Catch Joan Chen in the Netflix series ‘Marco Polo’

 Audrey Magazine:

Netflix’s elaborate original series Marco Polo was met with some criticism from the Asian American community for being an outsider’s fetishization of the East. But actress Joan Chen urges skeptics to look at it differently. “It’s such a great opportunity for so many Asian actors,” she says.
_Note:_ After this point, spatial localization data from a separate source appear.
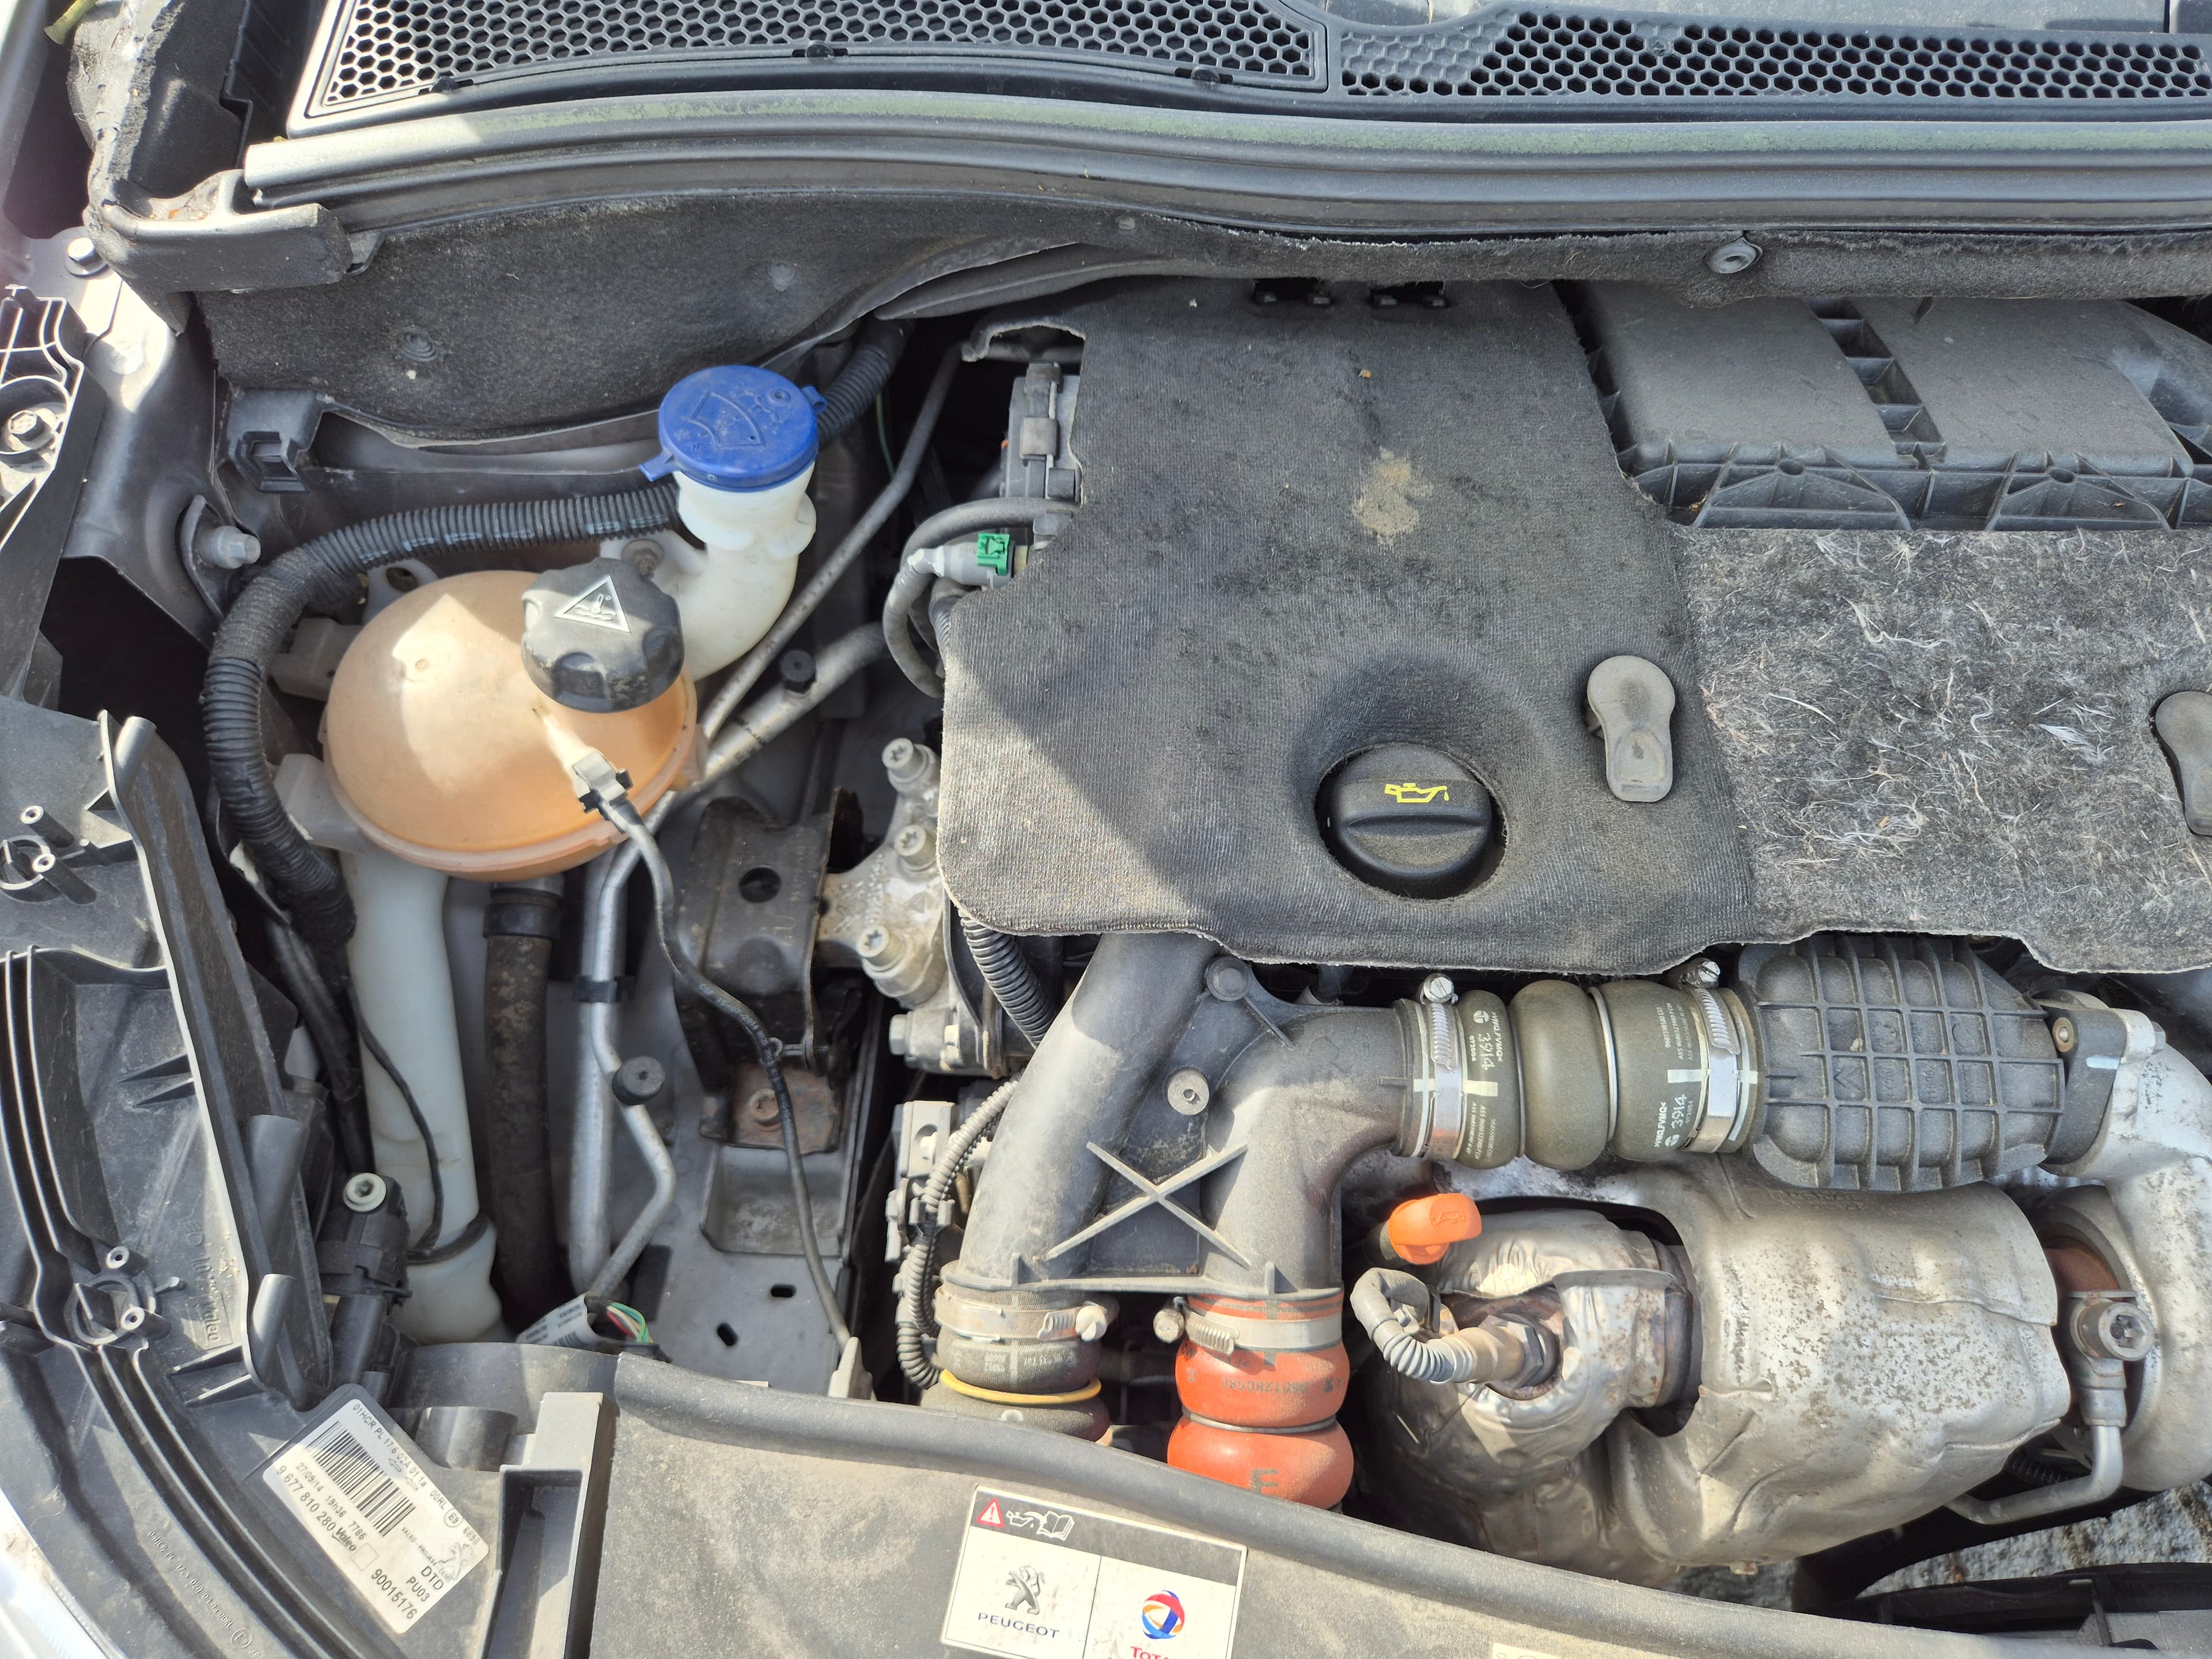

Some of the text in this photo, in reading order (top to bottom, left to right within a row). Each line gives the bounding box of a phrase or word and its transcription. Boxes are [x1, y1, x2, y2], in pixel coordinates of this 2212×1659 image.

[352, 1403, 377, 1429] 01HCR
[373, 1427, 386, 1439] PL
[396, 1452, 412, 1469] 02A
[429, 1490, 448, 1509] 00RL
[447, 1512, 460, 1525] E9
[275, 1464, 338, 1532] 9 677 810 280
[295, 1461, 325, 1493] 27/09/14
[324, 1494, 347, 1518] 19h36
[334, 1527, 359, 1552] Valeo
[369, 1568, 419, 1620] 90015176
[404, 1576, 431, 1603] PU03
[420, 1566, 445, 1592] DTD
[978, 1612, 1060, 1638] PEUGEOT
Other than the lead, Lorenzo Richelmy as Marco Polo, almost the entire cast is Asian or Asian American, with Benedict Wong as Kublai Khan, Rick Yune as the leader of the Golden Horde, Zhu Zhu as the Blue Princess, Chin Han as the villainous chancellor, Olivia Cheng as a suffering concubine with some tricks up her sleeve, and Claudia Kim (who was just named the first Asian face of cosmetics brand Bobbi Brown and can be seen in Avengers: Age of Ultron this May) as the warrior Khutulun.

I see how excited these kids are to work on this grand production,” says Chen. “They have dialect coaches and personal trainers, and this series gives them a year to work on their craft and express their talents. I think of it as completely positive.”
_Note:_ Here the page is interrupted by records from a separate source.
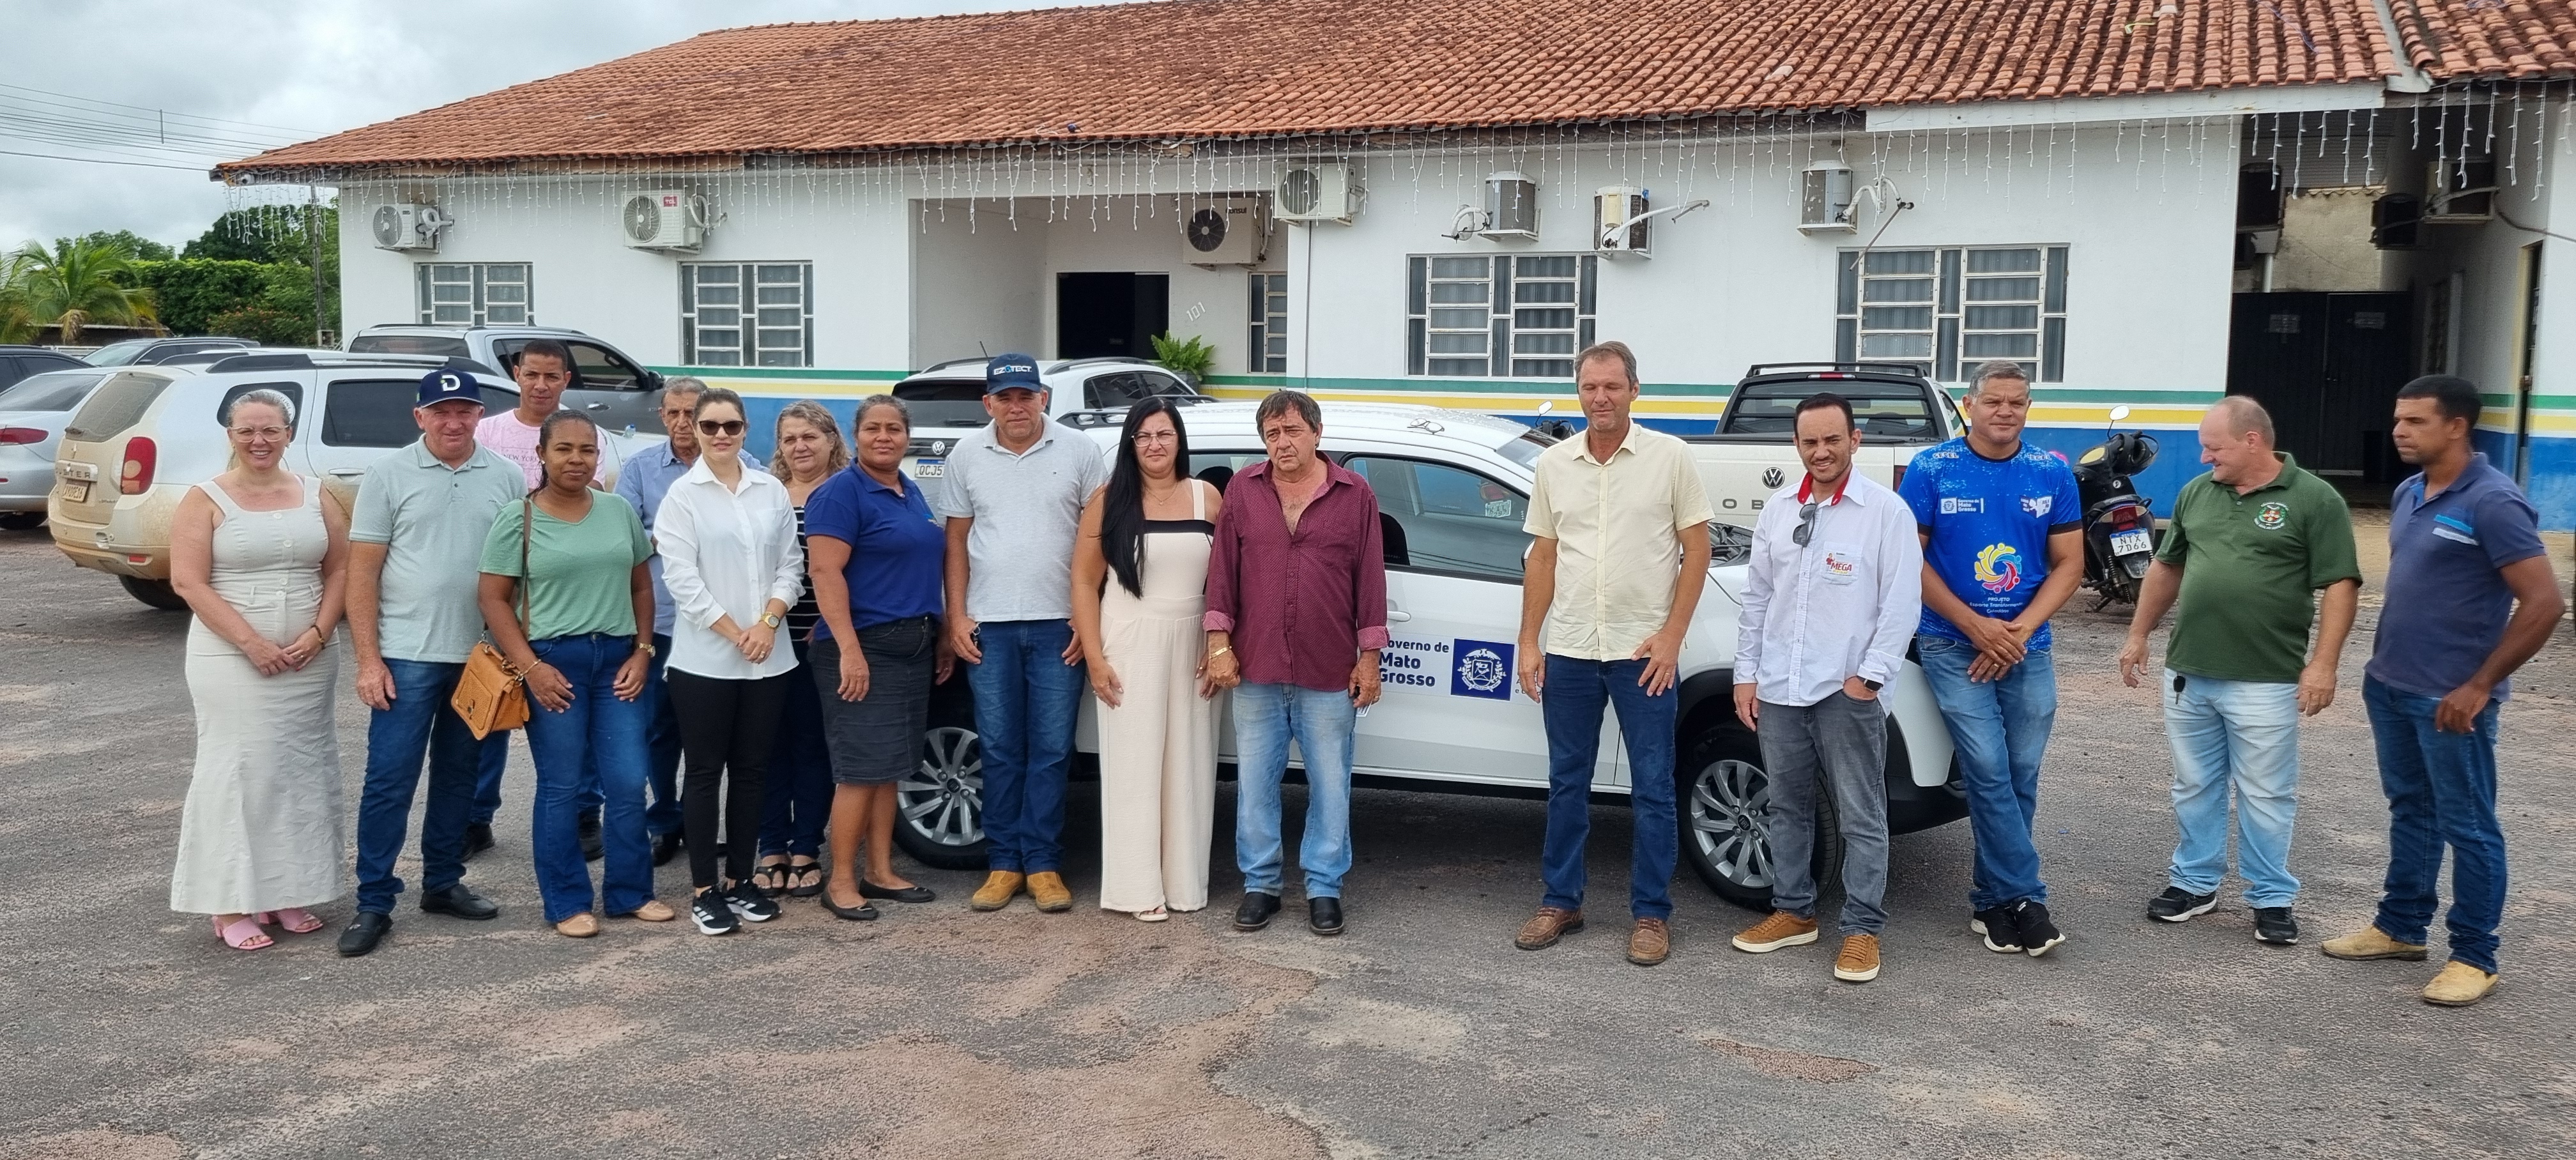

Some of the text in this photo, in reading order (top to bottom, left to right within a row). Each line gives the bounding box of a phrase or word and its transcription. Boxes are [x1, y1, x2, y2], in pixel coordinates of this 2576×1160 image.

[1186, 301, 1206, 321] 101
[2120, 535, 2141, 544] NTX
[2118, 542, 2147, 553] 7D66
[1830, 563, 1852, 572] MEGA
[1388, 640, 1450, 653] overno de
[1379, 652, 1421, 669] Mato
[1379, 668, 1436, 687] Grosso
Chen has been acting since she was teenager in China, where she became a household name and was dubbed the “Elizabeth Taylor of China” for her role in 1979’s Little Flower. She was “discovered” twice. Legend has it that Madame Mao discovered her at a school rifle range, impressed by her skilled marksmanship. She was soon chosen for the Actors’ Training Program by the Shanghai Film Studio. At 20, she decided to move to the United States to study filmmaking. Though she had no connections in Hollywood, she was discovered again by legendary producer Dino De Laurentiis, who honked at her in a parking lot. His line was: “Did you know that Lana Turner was discovered in a drug store?

I was like, ‘Who’s this dirty old man?’” she remembers. “I didn’t talk. I just kept walking.”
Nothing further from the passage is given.